Data excerpts:
Segment Open

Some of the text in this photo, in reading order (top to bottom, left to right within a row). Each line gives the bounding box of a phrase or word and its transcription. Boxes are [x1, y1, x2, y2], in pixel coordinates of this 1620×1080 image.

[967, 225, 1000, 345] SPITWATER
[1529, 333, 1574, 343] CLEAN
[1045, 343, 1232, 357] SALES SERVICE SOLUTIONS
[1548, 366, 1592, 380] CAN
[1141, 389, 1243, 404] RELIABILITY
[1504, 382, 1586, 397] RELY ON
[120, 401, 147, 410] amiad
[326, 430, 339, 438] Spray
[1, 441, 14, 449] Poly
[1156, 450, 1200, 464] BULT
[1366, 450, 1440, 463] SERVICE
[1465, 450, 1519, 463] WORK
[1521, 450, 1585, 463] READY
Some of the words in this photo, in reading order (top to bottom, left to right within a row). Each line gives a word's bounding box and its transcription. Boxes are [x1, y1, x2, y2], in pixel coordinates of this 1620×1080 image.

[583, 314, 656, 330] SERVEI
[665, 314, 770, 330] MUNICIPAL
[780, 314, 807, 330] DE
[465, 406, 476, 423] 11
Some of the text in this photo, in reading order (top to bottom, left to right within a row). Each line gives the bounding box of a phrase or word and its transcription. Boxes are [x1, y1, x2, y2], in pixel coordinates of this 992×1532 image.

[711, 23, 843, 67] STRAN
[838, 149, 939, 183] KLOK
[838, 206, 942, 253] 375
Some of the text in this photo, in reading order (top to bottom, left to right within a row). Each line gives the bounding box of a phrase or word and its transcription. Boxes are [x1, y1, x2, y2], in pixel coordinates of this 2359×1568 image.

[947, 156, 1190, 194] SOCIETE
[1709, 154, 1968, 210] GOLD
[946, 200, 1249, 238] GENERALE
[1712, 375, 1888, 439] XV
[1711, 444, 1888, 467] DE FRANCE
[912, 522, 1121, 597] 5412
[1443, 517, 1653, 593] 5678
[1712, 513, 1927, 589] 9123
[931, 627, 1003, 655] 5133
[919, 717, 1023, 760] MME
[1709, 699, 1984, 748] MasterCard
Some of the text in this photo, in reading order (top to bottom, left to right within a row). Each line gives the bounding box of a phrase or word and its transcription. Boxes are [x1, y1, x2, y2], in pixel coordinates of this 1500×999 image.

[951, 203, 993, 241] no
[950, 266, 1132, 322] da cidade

Segment Closed

• _YOUR ASSIGNMENT_: Print out the records exactly as they were entered.

• _SOLVED EXERCISE_:
Some of the text in this photo, in reading order (top to bottom, left to right within a row). Each line gives the bounding box of a phrase or word and its transcription. Boxes are [x1, y1, x2, y2], in pixel coordinates of this 1620×1080 image.

[967, 225, 1000, 345] SPITWATER
[1529, 333, 1574, 343] CLEAN
[1045, 343, 1232, 357] SALES SERVICE SOLUTIONS
[1548, 366, 1592, 380] CAN
[1141, 389, 1243, 404] RELIABILITY
[1504, 382, 1586, 397] RELY ON
[120, 401, 147, 410] amiad
[326, 430, 339, 438] Spray
[1, 441, 14, 449] Poly
[1156, 450, 1200, 464] BULT
[1366, 450, 1440, 463] SERVICE
[1465, 450, 1519, 463] WORK
[1521, 450, 1585, 463] READY
Some of the words in this photo, in reading order (top to bottom, left to right within a row). Each line gives a word's bounding box and its transcription. Boxes are [x1, y1, x2, y2], in pixel coordinates of this 1620×1080 image.

[583, 314, 656, 330] SERVEI
[665, 314, 770, 330] MUNICIPAL
[780, 314, 807, 330] DE
[465, 406, 476, 423] 11
Some of the text in this photo, in reading order (top to bottom, left to right within a row). Each line gives the bounding box of a phrase or word and its transcription. Boxes are [x1, y1, x2, y2], in pixel coordinates of this 992×1532 image.

[711, 23, 843, 67] STRAN
[838, 149, 939, 183] KLOK
[838, 206, 942, 253] 375
Some of the text in this photo, in reading order (top to bottom, left to right within a row). Each line gives the bounding box of a phrase or word and its transcription. Boxes are [x1, y1, x2, y2], in pixel coordinates of this 2359×1568 image.

[947, 156, 1190, 194] SOCIETE
[1709, 154, 1968, 210] GOLD
[946, 200, 1249, 238] GENERALE
[1712, 375, 1888, 439] XV
[1711, 444, 1888, 467] DE FRANCE
[912, 522, 1121, 597] 5412
[1443, 517, 1653, 593] 5678
[1712, 513, 1927, 589] 9123
[931, 627, 1003, 655] 5133
[919, 717, 1023, 760] MME
[1709, 699, 1984, 748] MasterCard
Some of the text in this photo, in reading order (top to bottom, left to right within a row). Each line gives the bounding box of a phrase or word and its transcription. Boxes are [x1, y1, x2, y2], in pixel coordinates of this 1500×999 image.

[951, 203, 993, 241] no
[950, 266, 1132, 322] da cidade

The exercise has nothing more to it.